Карабаш выходит вместе с ним из палатки. И вскоре все выходят из палатки, и я тоже, и мы идем в сторону воды, где грохочут бульдозеры и блуждают огни фар.
Через короткое время я начинаю разбираться в ночной суматохе: мне становится понятно, куда идут бульдозеры, чего хочет вода и чего добиваются люди. Бульдозеры с двух сторон сдавливают горловину потока. Перемычка возводится очень узкая — в два ножа. Вперед тракторы идут на первой передаче, назад — задним ходом на третьей.
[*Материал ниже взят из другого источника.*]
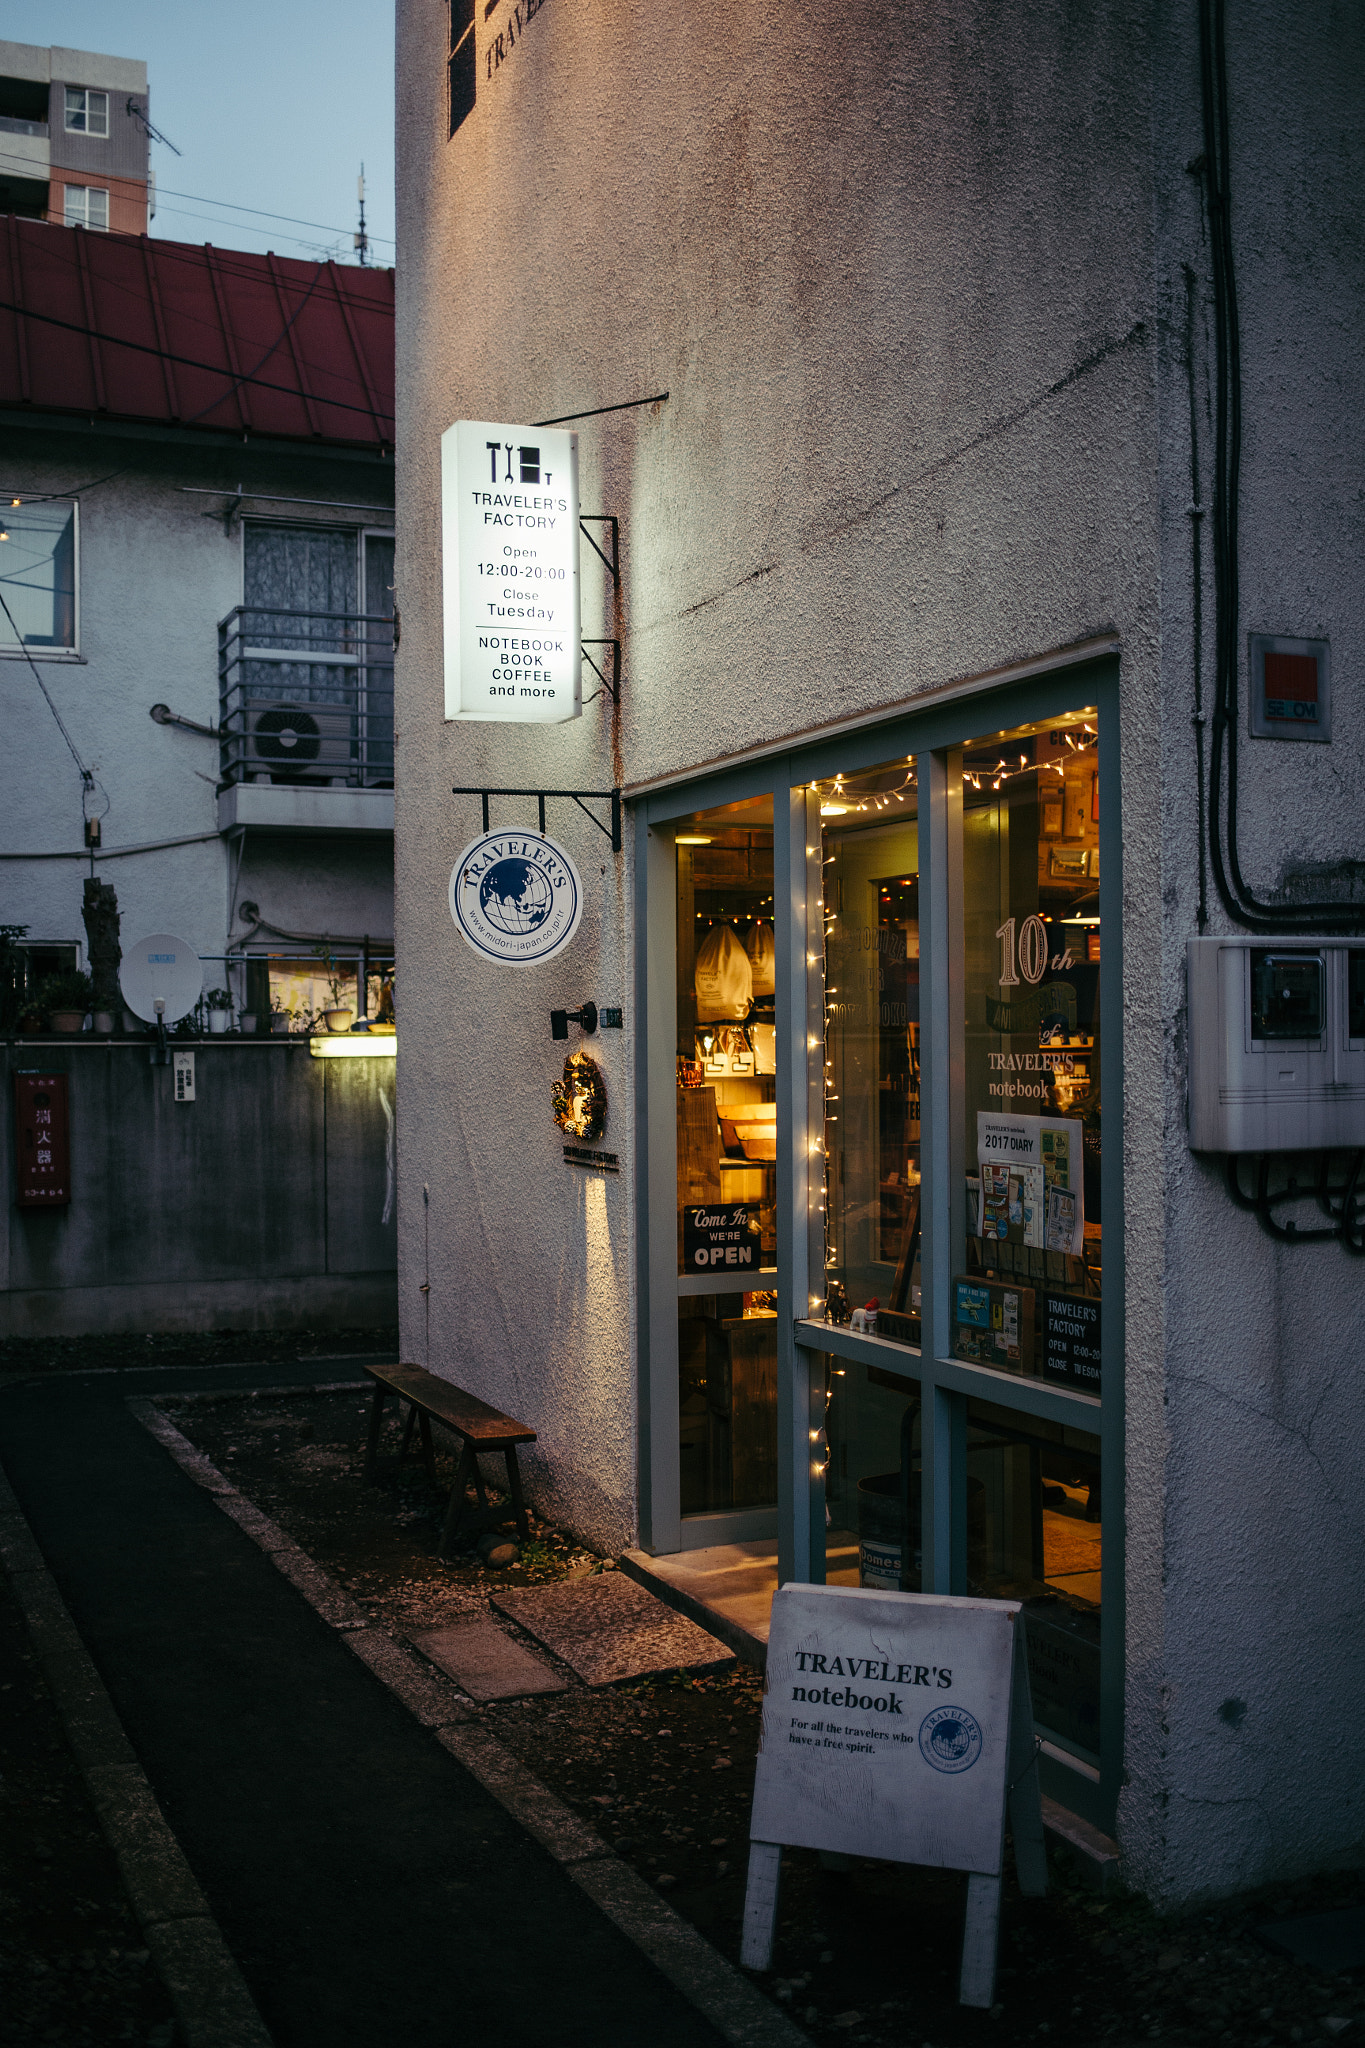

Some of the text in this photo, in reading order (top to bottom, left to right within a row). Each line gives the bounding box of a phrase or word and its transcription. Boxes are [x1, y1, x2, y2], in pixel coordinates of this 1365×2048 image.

[472, 492, 567, 512] TRAVELER'S
[484, 513, 556, 529] FACTORY
[503, 546, 537, 559] Open
[477, 563, 566, 580] 12:00-20:00
[503, 589, 539, 601] Close
[487, 603, 555, 621] Tuesday
[479, 637, 564, 652] NOTEBOOK
[500, 654, 543, 667] BOOK
[492, 669, 552, 682] COFFEE
[489, 684, 556, 698] and more
[1267, 700, 1316, 718] SECOM
[464, 841, 567, 889] TRAVELER'S
[469, 909, 565, 951] www.midori-japan.co.jp/tr
[1041, 1024, 1060, 1045] of
[988, 1052, 1074, 1072] TRAVELER'S
[989, 1079, 1049, 1099] notebook
[36, 1109, 52, 1165] 消火器
[985, 1134, 1034, 1153] 2017 DIARY
[694, 1208, 748, 1228] Come In
[709, 1231, 741, 1241] WE'RE
[694, 1246, 752, 1266] OPEN
[1048, 1299, 1097, 1322] TRAVELER'S
[1048, 1318, 1087, 1339] FACTORY
[1048, 1339, 1101, 1360] OPEN 12:00-20
[1048, 1357, 1068, 1371] CLOSE
[795, 1651, 953, 1690] TRAVELER'S
[792, 1685, 903, 1715] notebook
[790, 1718, 914, 1744] For all the travelers who
[925, 1710, 978, 1741] TRAVELER'S
[788, 1733, 876, 1754] have a free spirit.
И скорость у них довольно большая, примерно, я думаю, десять — двенадцать километров. Тут нужна смелость! Главное, что ночь, ни черта не видно, фары мотаются и создают какое-то судорожное световое мелькание. Бульдозеристы, подходя к костру, трут ладонями шеи. Ну да, шею ломит еще больше, чем руки и ноги: все время оглядываются, крутят головой. Когда-то подростком, в первый год войны, я научился в колхозе работать на тракторе. И меня вдруг охватывает желание сесть на бульдозер, ворваться в этот поток работы, в его суть, в его накал, объединяющий всех людей и все движение этой ночи. Но я не смогу работать на такой скорости. И, наверное, я все забыл.
— Степан Иванович, — говорю я, — мне хочется что-то делать. Что мне делать?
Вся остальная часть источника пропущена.